▸ DATASET EXCERPTS:
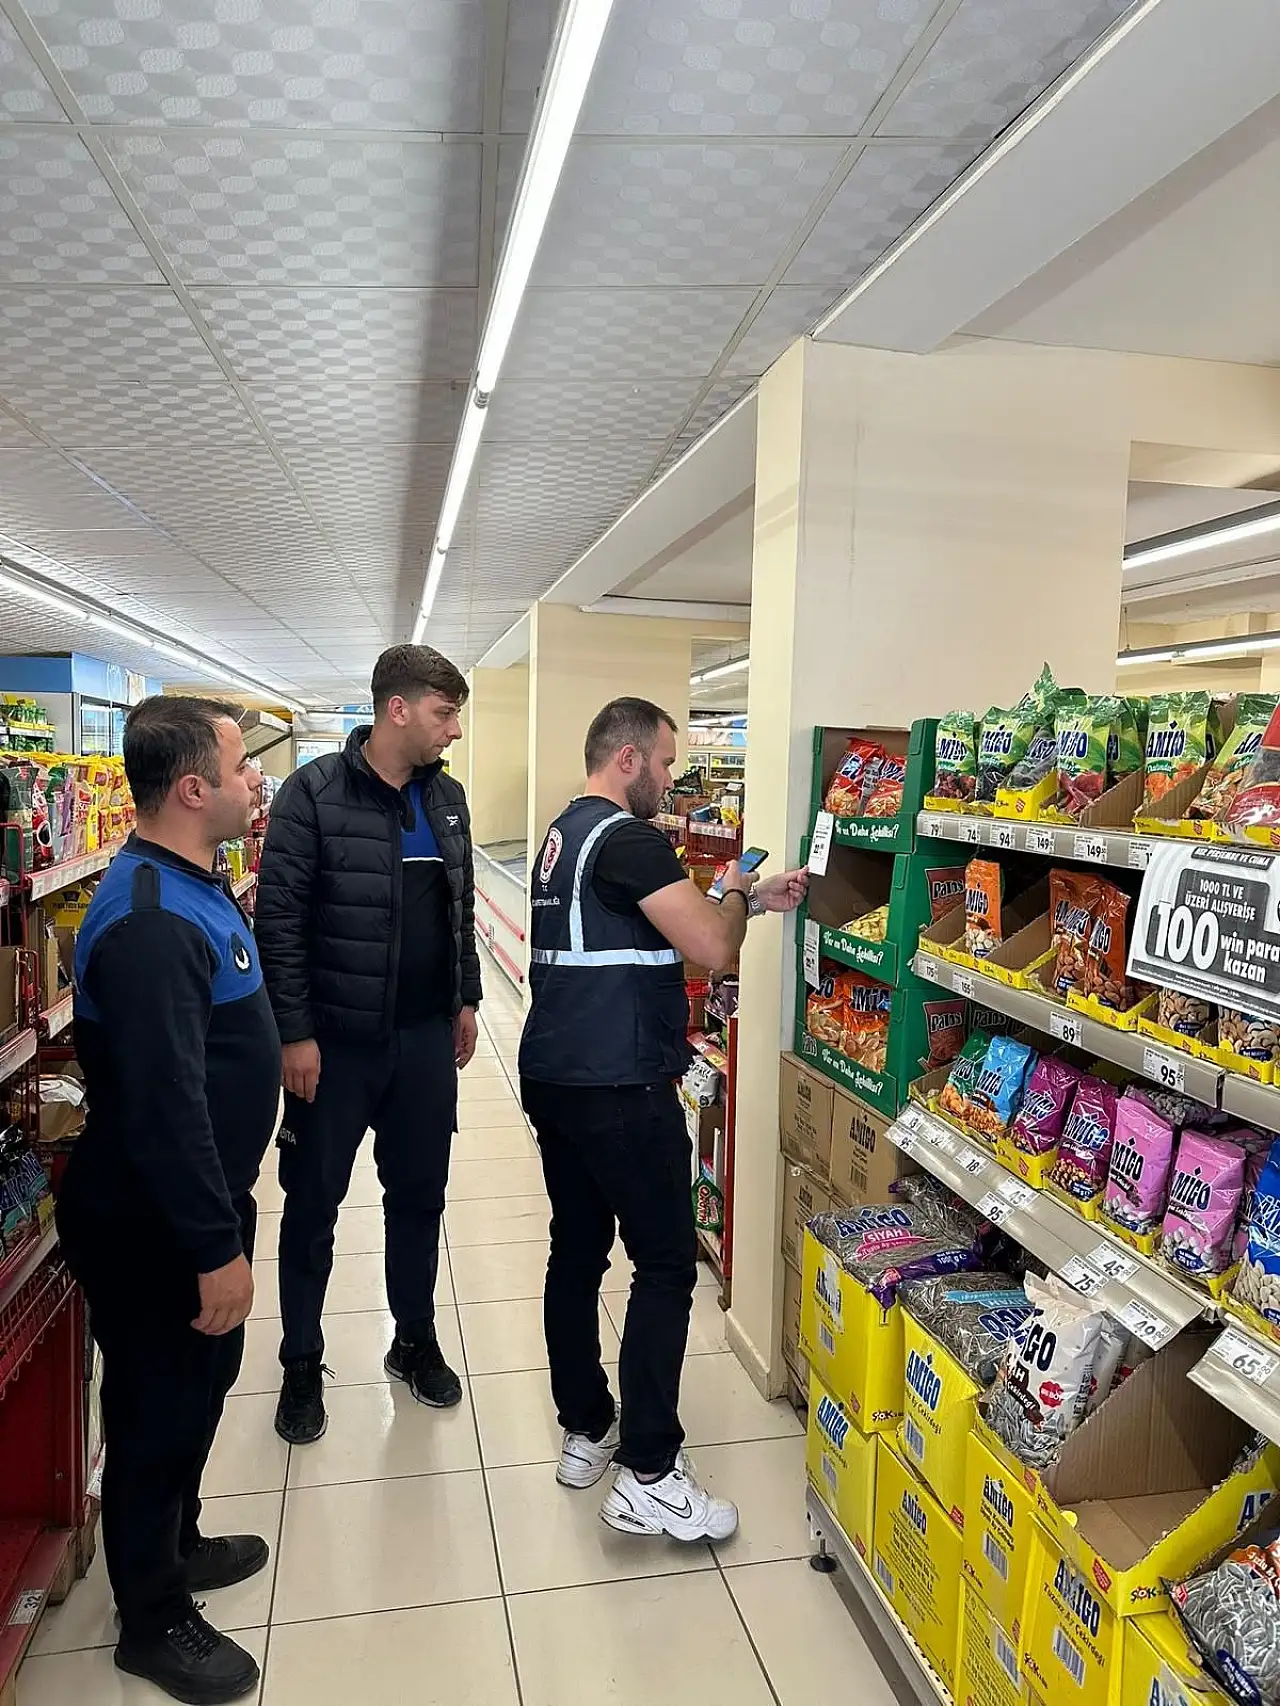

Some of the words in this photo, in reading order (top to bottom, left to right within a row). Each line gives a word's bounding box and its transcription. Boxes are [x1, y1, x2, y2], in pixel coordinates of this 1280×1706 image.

[966, 828, 977, 842] 74
[999, 832, 1011, 848] 94
[1037, 836, 1050, 850] 149
[1086, 844, 1102, 858] 149
[1248, 854, 1271, 866] CUMA
[1199, 878, 1220, 895] 1000
[1221, 883, 1231, 897] TL
[1233, 885, 1244, 900] VE
[1185, 890, 1210, 910] ÜZERİ
[1211, 898, 1256, 922] ALIŞVERİŞE
[1154, 902, 1219, 971] 100
[1220, 931, 1244, 955] win
[1245, 938, 1280, 963] para
[1223, 950, 1267, 984] kazan
[1062, 1025, 1076, 1042] 89
[1160, 1065, 1176, 1087] 95
[966, 1159, 980, 1172] 18
[988, 1205, 1004, 1222] 95
[1102, 1260, 1125, 1277] 45
[1074, 1273, 1095, 1292] 75
[1232, 1354, 1261, 1375] 65
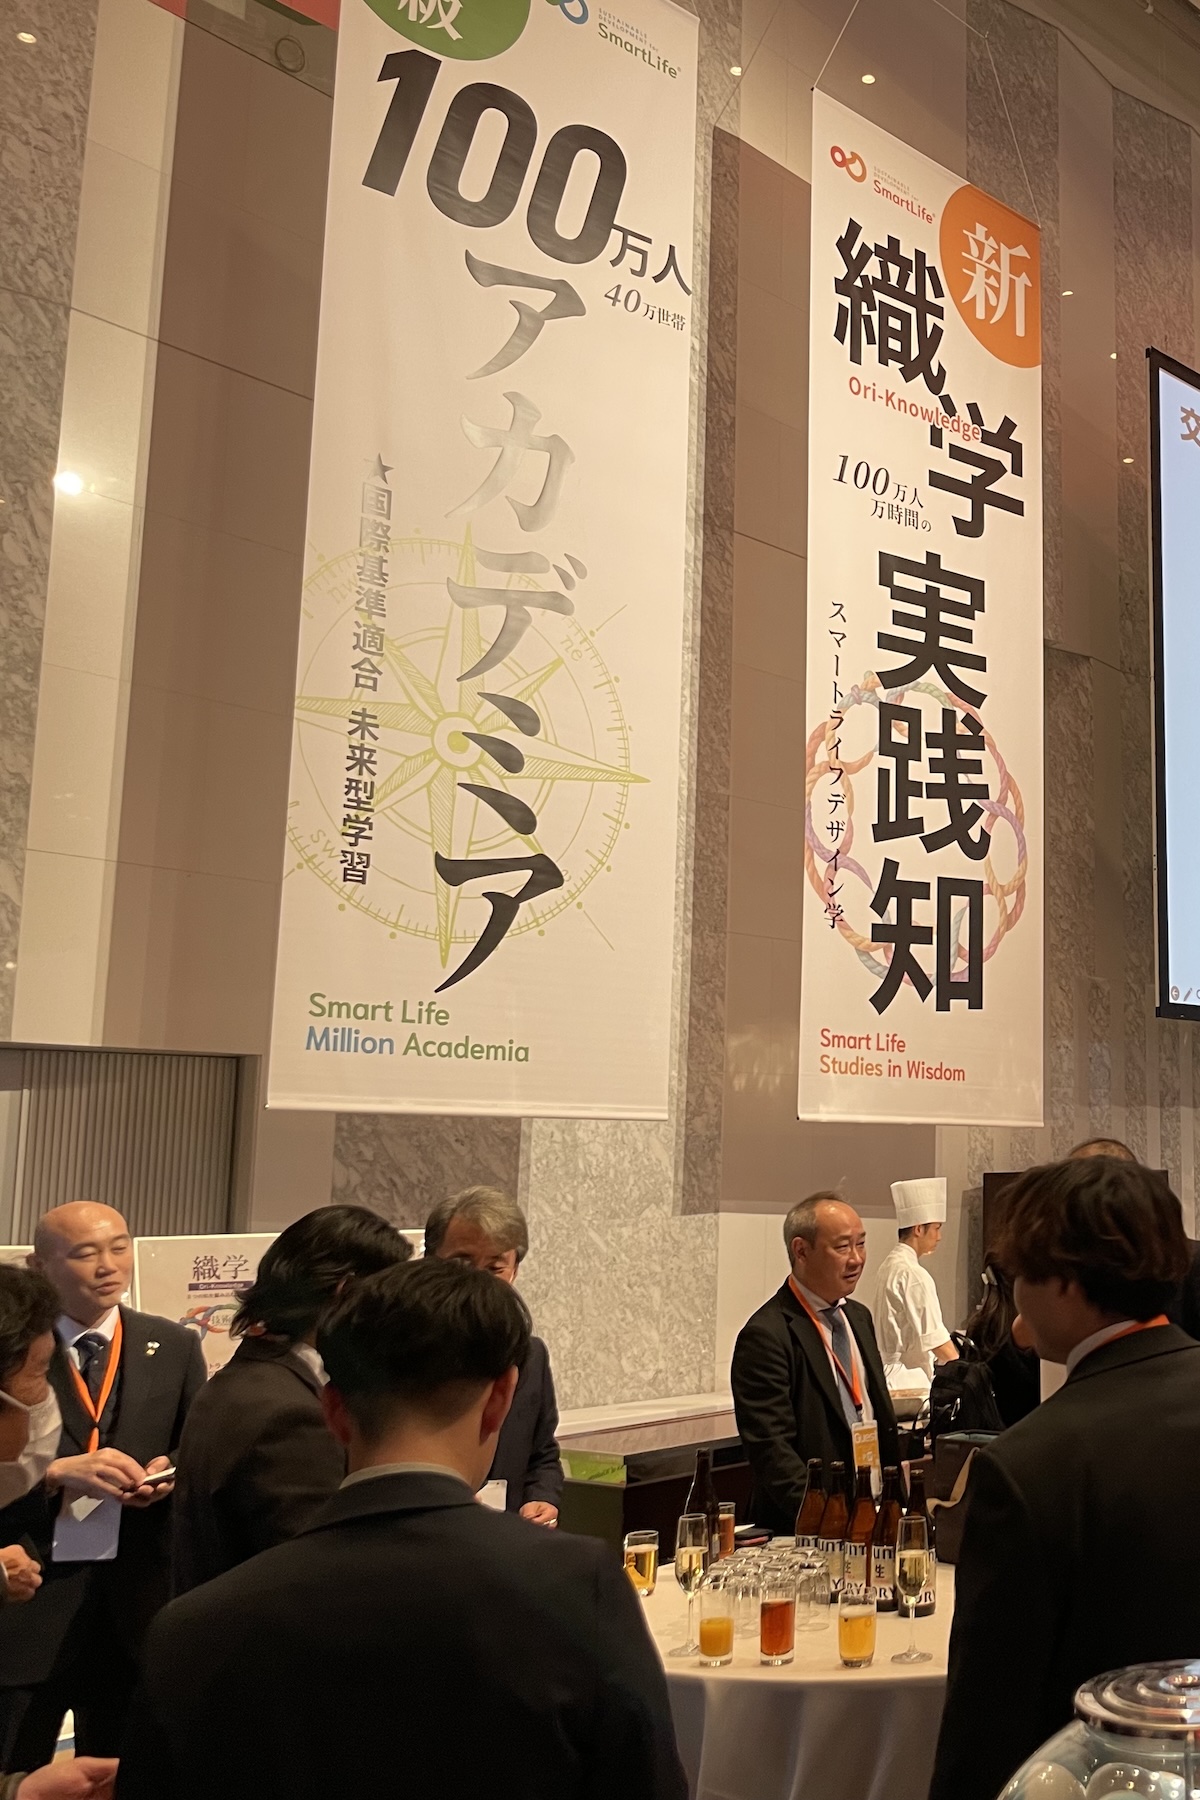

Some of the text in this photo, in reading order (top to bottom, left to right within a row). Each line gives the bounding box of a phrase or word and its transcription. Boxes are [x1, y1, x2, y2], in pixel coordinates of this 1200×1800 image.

[598, 7, 648, 39] SUSTAINABLE
[598, 22, 678, 79] SmartLife
[873, 179, 933, 224] SmartLife
[961, 222, 1032, 338] 新
[603, 283, 687, 332] 40万世帯
[848, 376, 982, 442] Ori-Knowledge
[832, 454, 925, 509] 100万人
[870, 499, 932, 533] 万時間の
[434, 249, 588, 993] アカデミア
[340, 481, 394, 885] 国際基準適合 未来型学習
[823, 600, 848, 930] スマートライフデザイン学
[308, 992, 450, 1026] Smart Life
[305, 1025, 530, 1062] Million Academia
[820, 1028, 906, 1053] Smart Life
[820, 1054, 966, 1082] Studies in Wisdom
[192, 1255, 250, 1281] 織学

▸ YOUR GOAL: Although the records contain pictures, your copy should hold only the text, reproduced exactly.

▸ SOLUTION FOR THIS EXERCISE:
Some of the words in this photo, in reading order (top to bottom, left to right within a row). Each line gives a word's bounding box and its transcription. Boxes are [x1, y1, x2, y2], in pixel coordinates of this 1280×1706 image.

[966, 828, 977, 842] 74
[999, 832, 1011, 848] 94
[1037, 836, 1050, 850] 149
[1086, 844, 1102, 858] 149
[1248, 854, 1271, 866] CUMA
[1199, 878, 1220, 895] 1000
[1221, 883, 1231, 897] TL
[1233, 885, 1244, 900] VE
[1185, 890, 1210, 910] ÜZERİ
[1211, 898, 1256, 922] ALIŞVERİŞE
[1154, 902, 1219, 971] 100
[1220, 931, 1244, 955] win
[1245, 938, 1280, 963] para
[1223, 950, 1267, 984] kazan
[1062, 1025, 1076, 1042] 89
[1160, 1065, 1176, 1087] 95
[966, 1159, 980, 1172] 18
[988, 1205, 1004, 1222] 95
[1102, 1260, 1125, 1277] 45
[1074, 1273, 1095, 1292] 75
[1232, 1354, 1261, 1375] 65

Some of the text in this photo, in reading order (top to bottom, left to right within a row). Each line gives the bounding box of a phrase or word and its transcription. Boxes are [x1, y1, x2, y2], in pixel coordinates of this 1200×1800 image.

[598, 7, 648, 39] SUSTAINABLE
[598, 22, 678, 79] SmartLife
[873, 179, 933, 224] SmartLife
[961, 222, 1032, 338] 新
[603, 283, 687, 332] 40万世帯
[848, 376, 982, 442] Ori-Knowledge
[832, 454, 925, 509] 100万人
[870, 499, 932, 533] 万時間の
[434, 249, 588, 993] アカデミア
[340, 481, 394, 885] 国際基準適合 未来型学習
[823, 600, 848, 930] スマートライフデザイン学
[308, 992, 450, 1026] Smart Life
[305, 1025, 530, 1062] Million Academia
[820, 1028, 906, 1053] Smart Life
[820, 1054, 966, 1082] Studies in Wisdom
[192, 1255, 250, 1281] 織学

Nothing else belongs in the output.